Cerró los ojos con un suspiro cansado y se recostó en el suave cuero del asiento, sintiendo el agotamiento emocional pesar sobre ella como una manta gruesa. Un silencio cómodo se instaló en el coche, solo interrumpido por el suave ronroneo del motor y el leve murmullo del tráfico exterior.
De repente, Ángel rompió la calma con una pregunta inesperada:
—Cuando mi querido hermano te rechazó, ¿al menos tuviste el placer de abofetearlo con todas tus fuerzas, cierto?
Milagro abrió los ojos de golpe, sobresaltada por la pregunta directa y la forma en que Ángel se refería a Daniel. Lo miró con sorpresa, sus ojos aún húmedos reflejando la luz que entraba por la ventana, sin poder articular una respuesta.

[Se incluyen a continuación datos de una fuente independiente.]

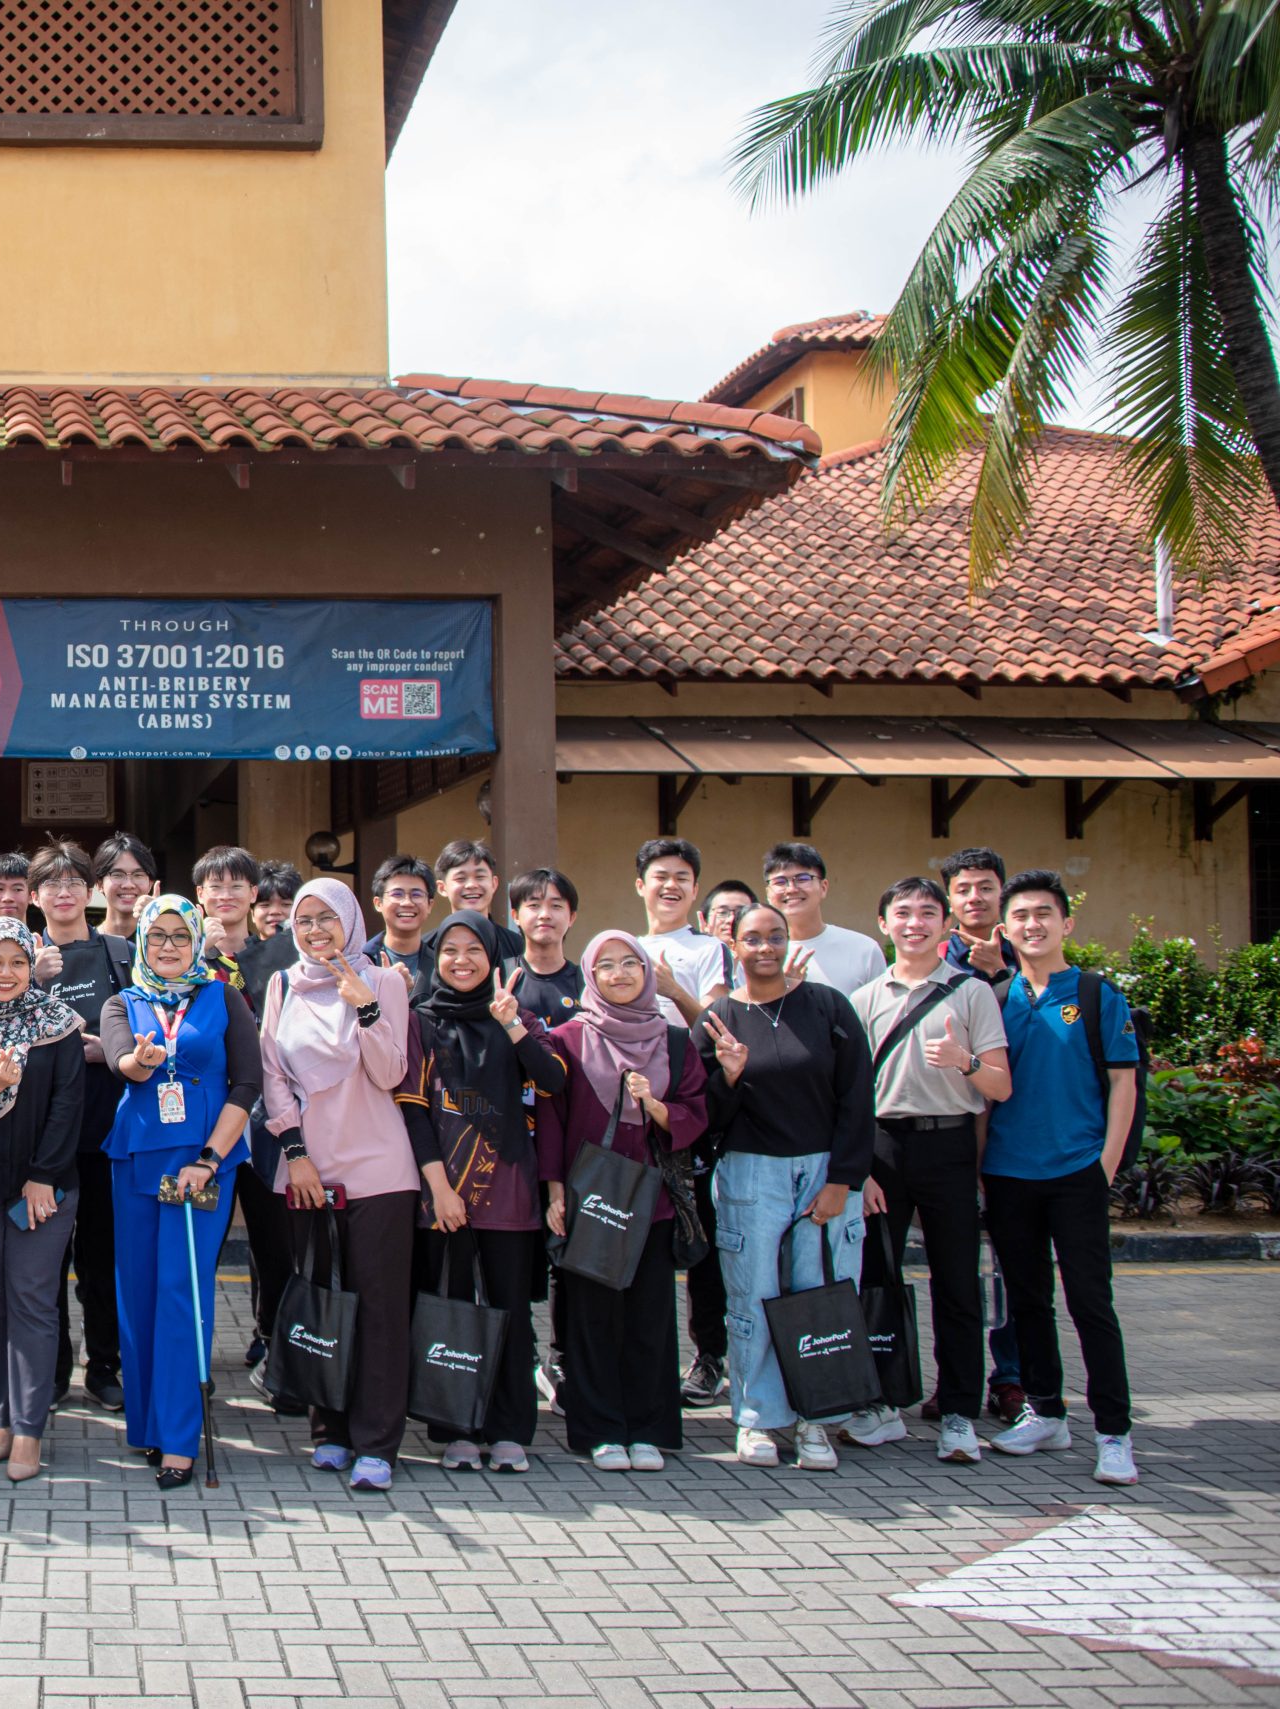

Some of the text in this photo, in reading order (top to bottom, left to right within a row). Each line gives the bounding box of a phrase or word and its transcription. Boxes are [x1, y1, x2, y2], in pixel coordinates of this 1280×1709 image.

—Vamos, Milagro, dime que le diste una buena bofetada. Se lo merecía por idiota —insistió Ángel, su tono ahora más serio, aunque con un brillo divertido en sus ojos oscuros.
—No hacen falta tus palabras, Ángel... me hieren más de lo que crees —respondió ella con un hilo de voz, sintiendo un nuevo nudo formarse en su garganta. Las palabras de Ángel, aunque con intención de consolar, le recordaron la humillación del rechazo.
—Solo trato de consolarte a mi manera, supongo —se justificó Ángel, suavizando su tono y lanzándole una rápida mirada de reojo, percibiendo su creciente angustia. Milagro sintió las lágrimas quemar detrás de sus párpados, acumulándose como una presa a punto de romperse.
Intentó tragarlas, contener el temblor de sus labios, pero fue inútil; el dolor era una ola que la arrastraba. Le dio una punzada de vergüenza que Ángel la viera así, deshecha y vulnerable.
No quería darle el gusto de burlarse de su debilidad, no quería confirmar el juicio que seguramente tenía de ella, aunque en ese momento se sintiera exactamente así: débil y rota.
—Continúa llorando, lo necesitas —dijo Ángel con una ternura inesperada, su voz despojada de toda burla, sorprendiendo a Milagro—. No tienes que ser fuerte todo el tiempo.
Milagro no pudo evitar que las lágrimas se desbordaran, resbalando calientes por sus mejillas. Ángel la observó con una suavidad en sus ojos oscuros que ella nunca antes había visto.
Lentamente, con el dorso de su mano, limpió delicadamente las lágrimas que resbalaban sin permiso por su piel, su tacto ligero como el roce de una pluma.